Nicole Gilroy writes…
As we have looked closely at the edges of the book, we have noticed that there is a break in the textblock: this is usually caused by a split in the sewing or spine linings or adhesive.
It is common to see this in the middle of a book, and we have been wondering when this damage occurred, and if it is getting worse, as we thought it might be after going through the book leaf by leaf.
Yet again, the photographic record of the condition of the book soon after its return to the Bodleian has come to our aid: this time the photograph taken to show the original position of the book in Duke Humfrey’s library, fore-edge out as it would have been chained, clearly shows the ridge along the fore-edge demonstrating that the text-block break had already happened at that point.
The edges of the book tell us more than just the condition of the sewing. There are some distinctive ripples along the edges that have made us think a little more about how it was bound.

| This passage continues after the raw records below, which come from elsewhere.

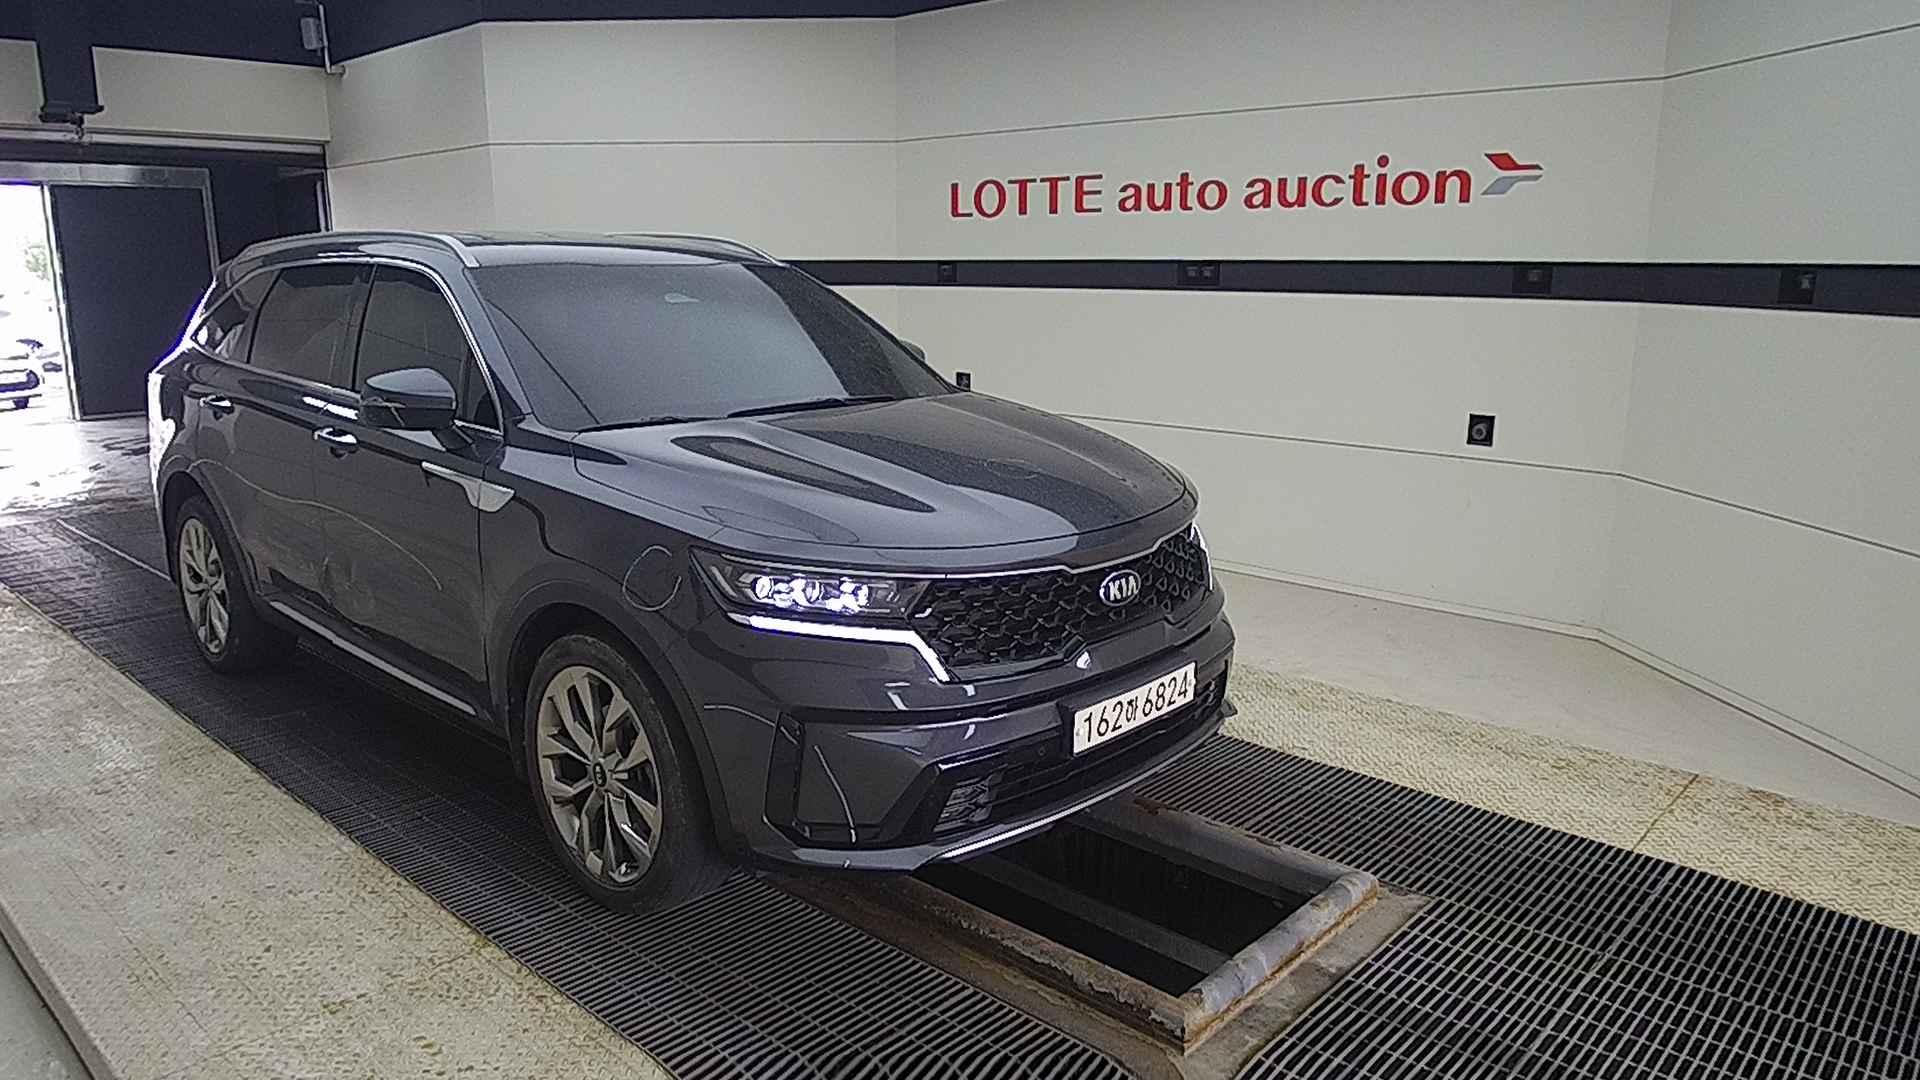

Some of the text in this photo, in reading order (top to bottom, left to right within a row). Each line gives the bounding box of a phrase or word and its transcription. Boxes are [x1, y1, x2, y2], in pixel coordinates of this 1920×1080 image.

[950, 154, 1473, 218] LOTTE auto auction
[1108, 575, 1138, 601] KIA
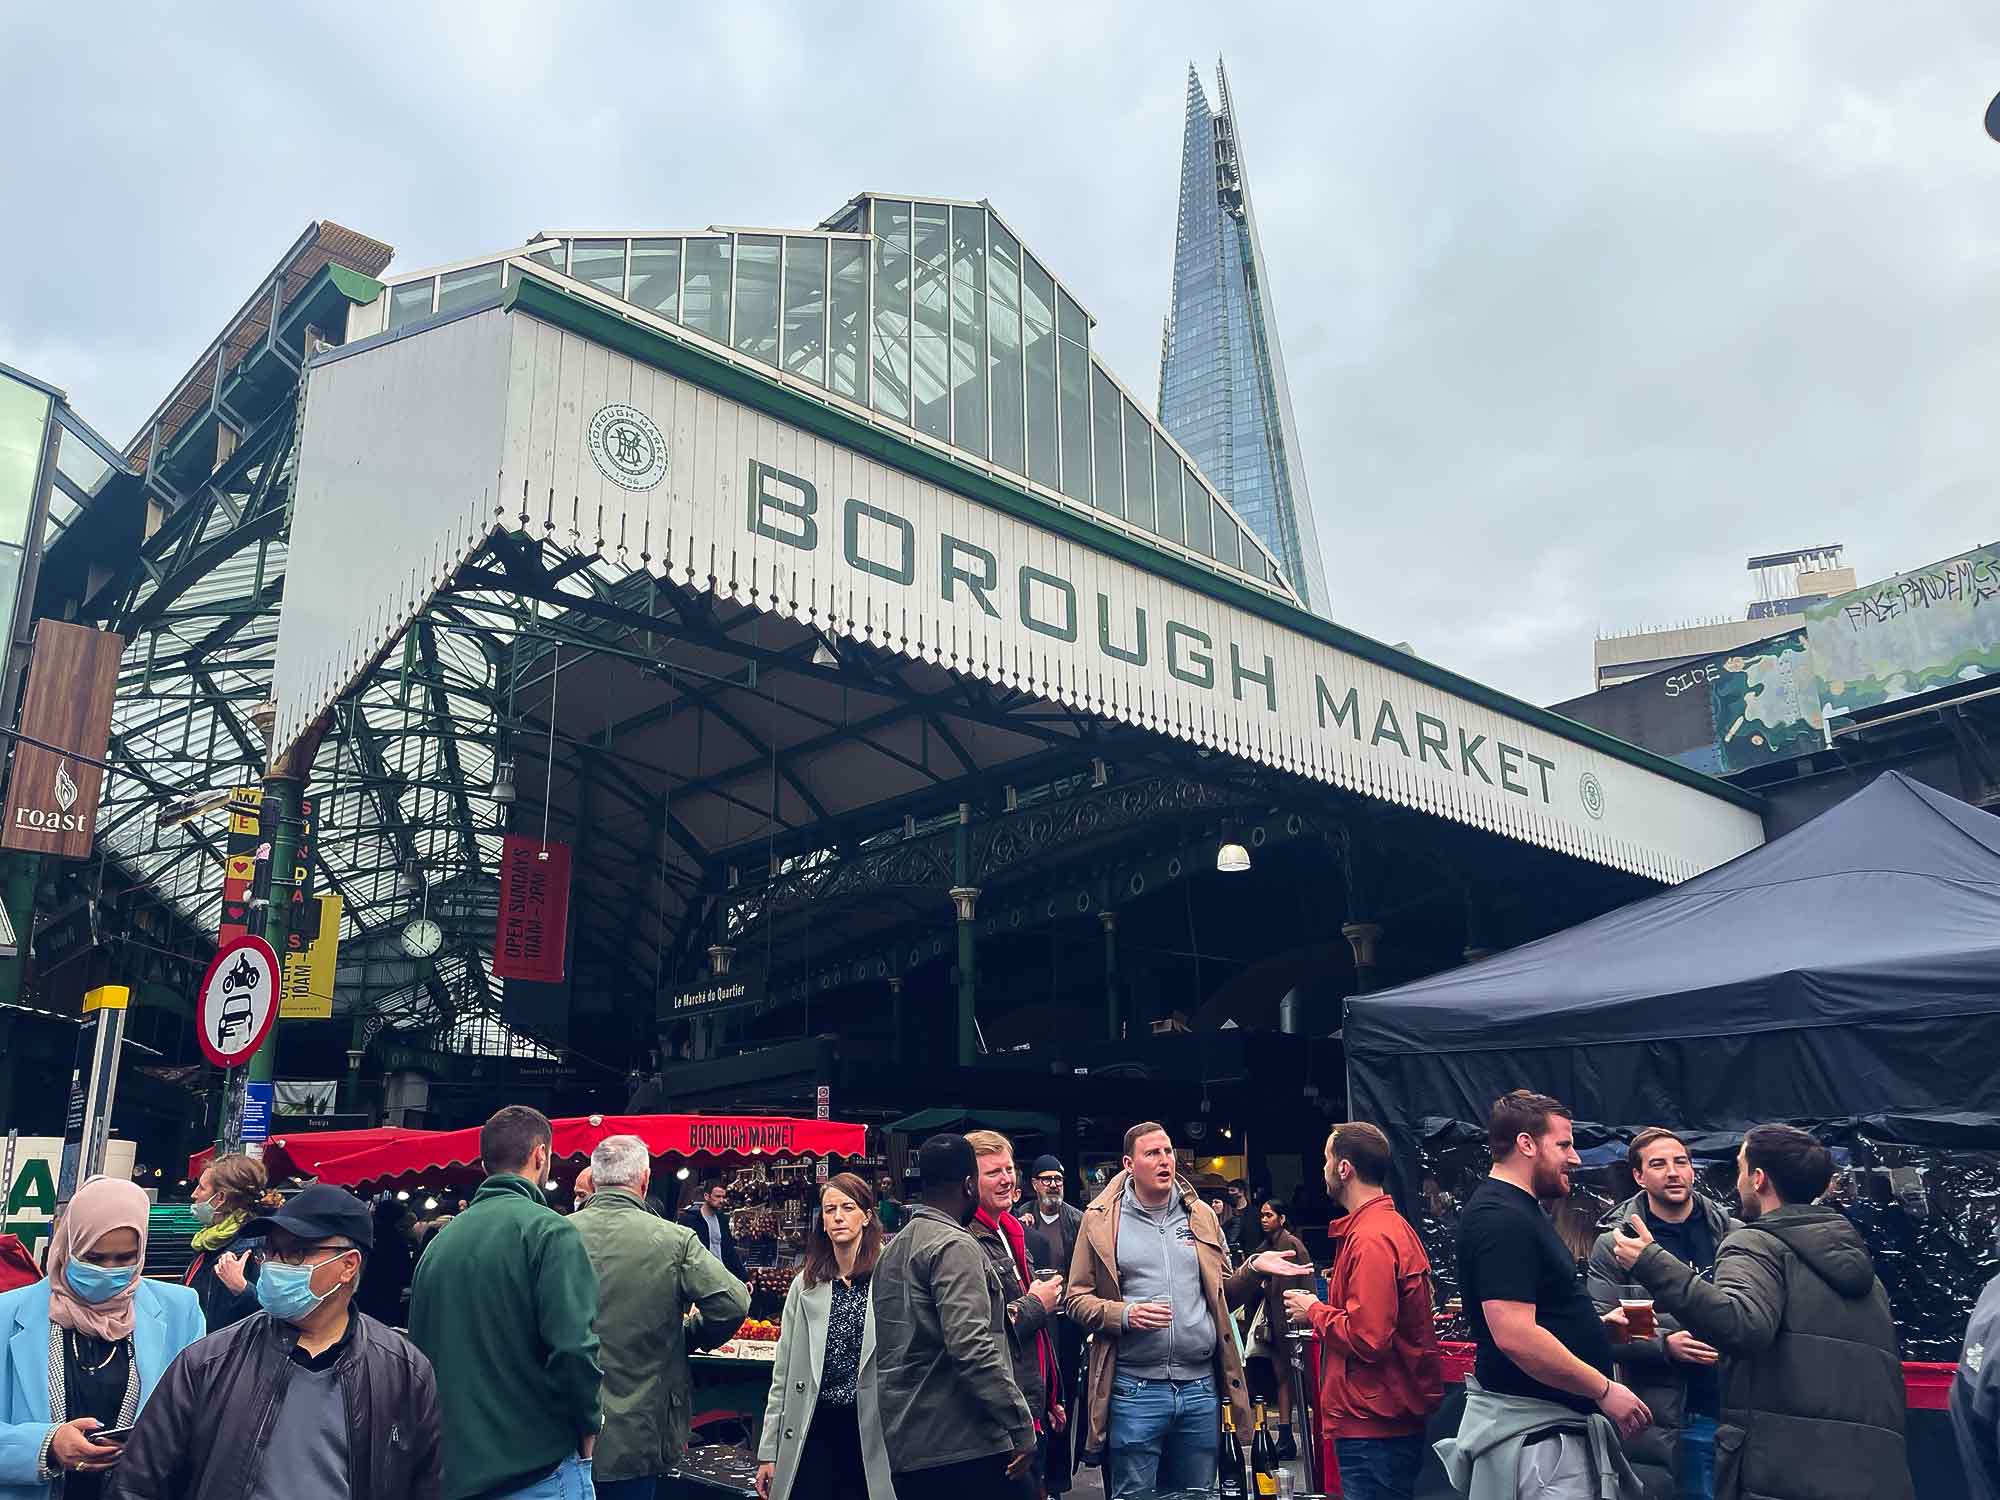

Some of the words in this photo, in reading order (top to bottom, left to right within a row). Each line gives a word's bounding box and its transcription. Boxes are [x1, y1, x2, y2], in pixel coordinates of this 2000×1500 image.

[747, 457, 1278, 713] BOROUGH
[1314, 674, 1556, 804] MARKET
[1664, 663, 1721, 697] SIDE
[15, 807, 87, 832] roast
[508, 847, 530, 913] SUNDAYS
[504, 918, 524, 959] OPEN
[674, 995, 682, 1008] Le
[683, 990, 706, 1007] Marché
[717, 983, 745, 1002] Quartier
[689, 1124, 746, 1149] BOROUGH
[749, 1125, 795, 1149] MARKET

We know from the size of the leaves that very little was trimmed from the edges, but the edges were certainly trimmed slightly and sprinkled red, though this has now faded and worn.
The edges of a book could have been trimmed in one of two ways in the 17th century: with a draw-knife (a hand-held two-handled knife); or with the relatively new invention, the plough (which involved setting the book up in a horizontal press and running a blade in a jig along the edges creating a neater trim).
The rippled edges of the First Folio, with their slight horizontal scoops, suggest that the quicker (therefore cheaper) method of the draw-knife may have been used, perhaps hinting at a more workaday binding rather than an expensive one. This, in combination with the evidence of less-than-perfect paper selection makes us think that this book was not quite the luxury item we might have thought it was.